◆ What to produce: Each record should be copied exactly into the answer, and no picture should go with it.

....

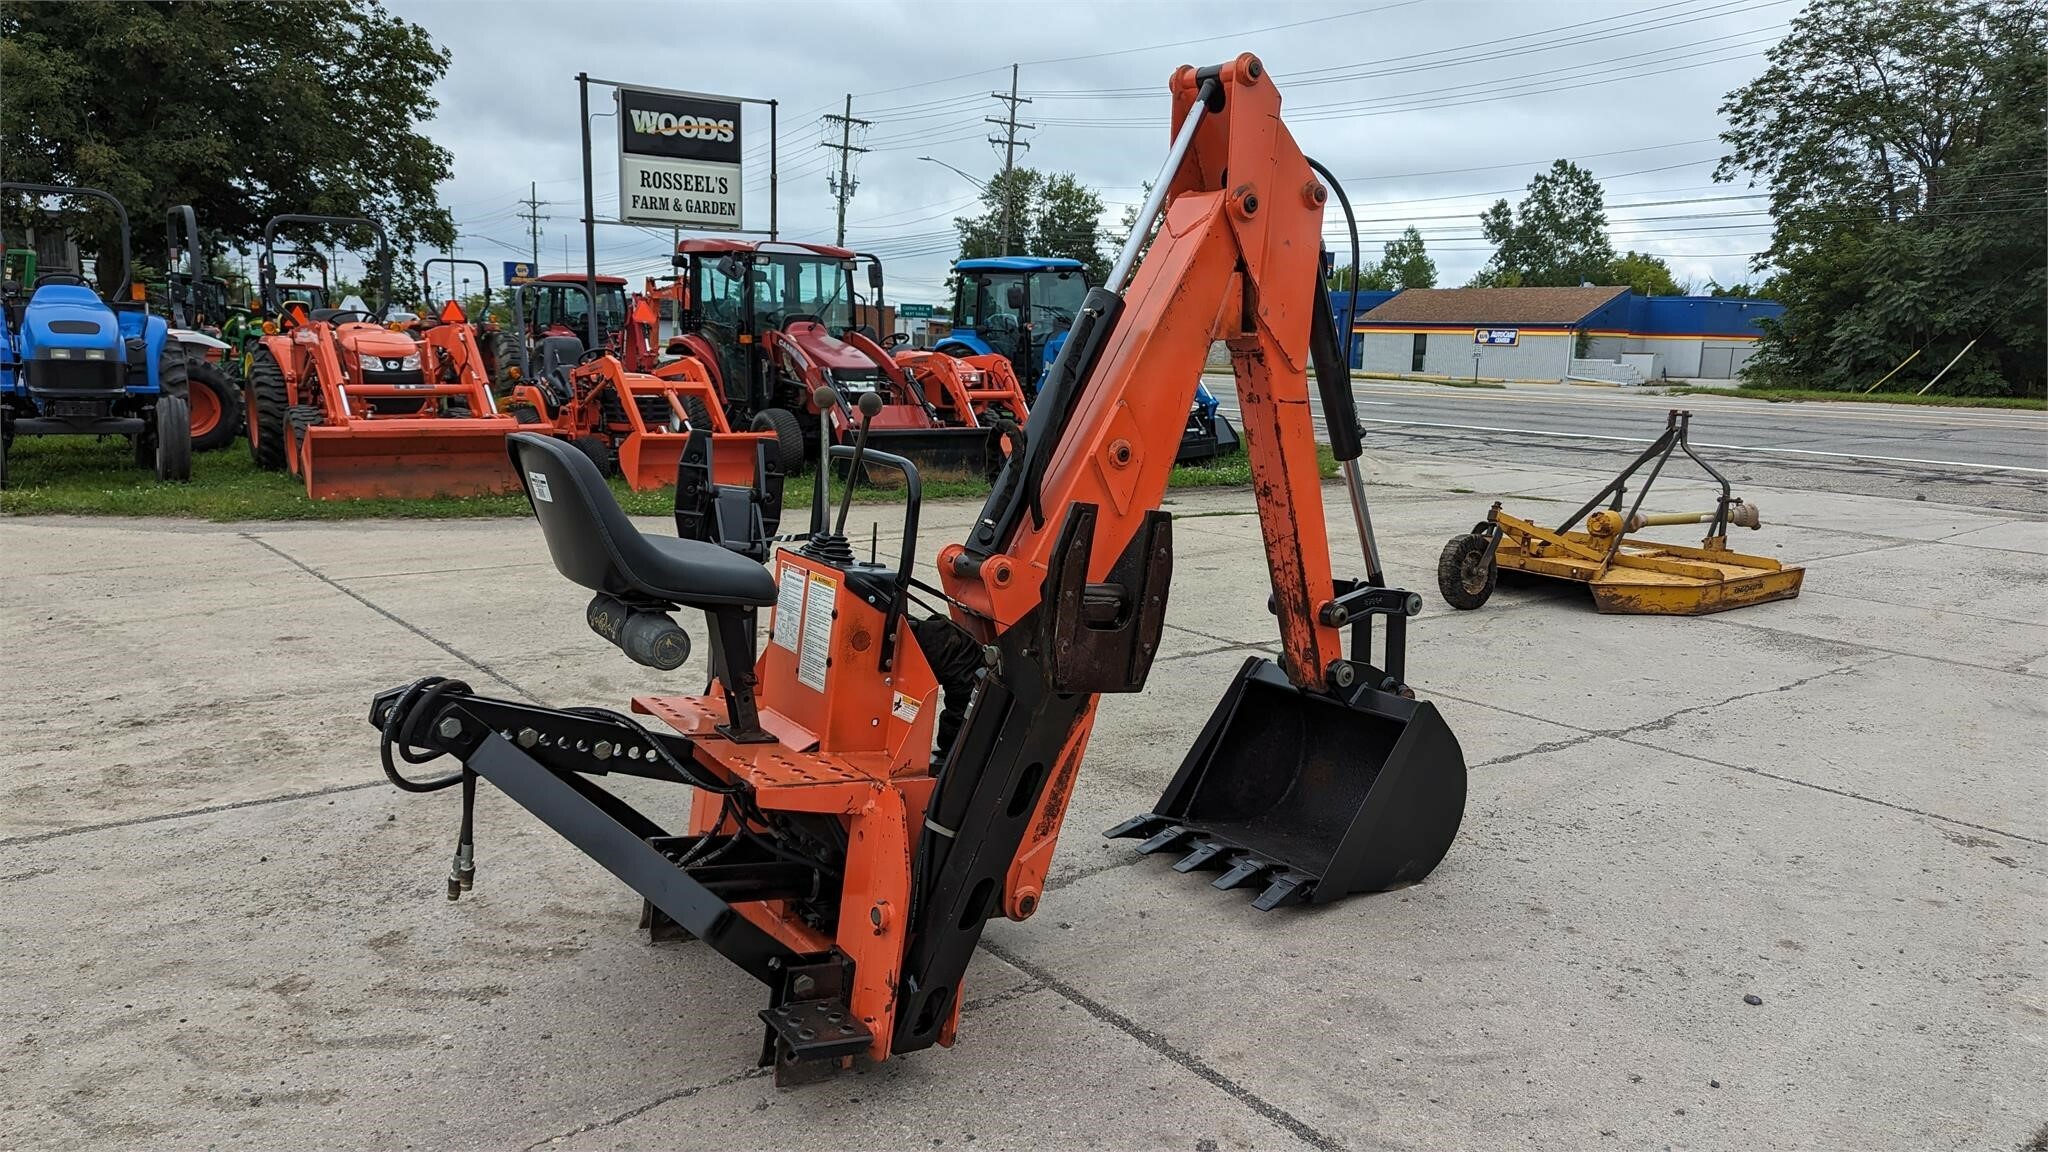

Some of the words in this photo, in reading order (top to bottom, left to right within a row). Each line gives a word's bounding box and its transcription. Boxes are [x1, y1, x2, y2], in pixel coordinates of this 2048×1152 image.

[630, 109, 734, 142] WOODS
[640, 170, 728, 194] ROSSEEL'S
[632, 195, 669, 211] FARM
[673, 198, 682, 212] &
[686, 199, 736, 216] GARDEN

....

◆ Answer:
Some of the words in this photo, in reading order (top to bottom, left to right within a row). Each line gives a word's bounding box and its transcription. Boxes are [x1, y1, x2, y2], in pixel coordinates of this 2048×1152 image.

[630, 109, 734, 142] WOODS
[640, 170, 728, 194] ROSSEEL'S
[632, 195, 669, 211] FARM
[673, 198, 682, 212] &
[686, 199, 736, 216] GARDEN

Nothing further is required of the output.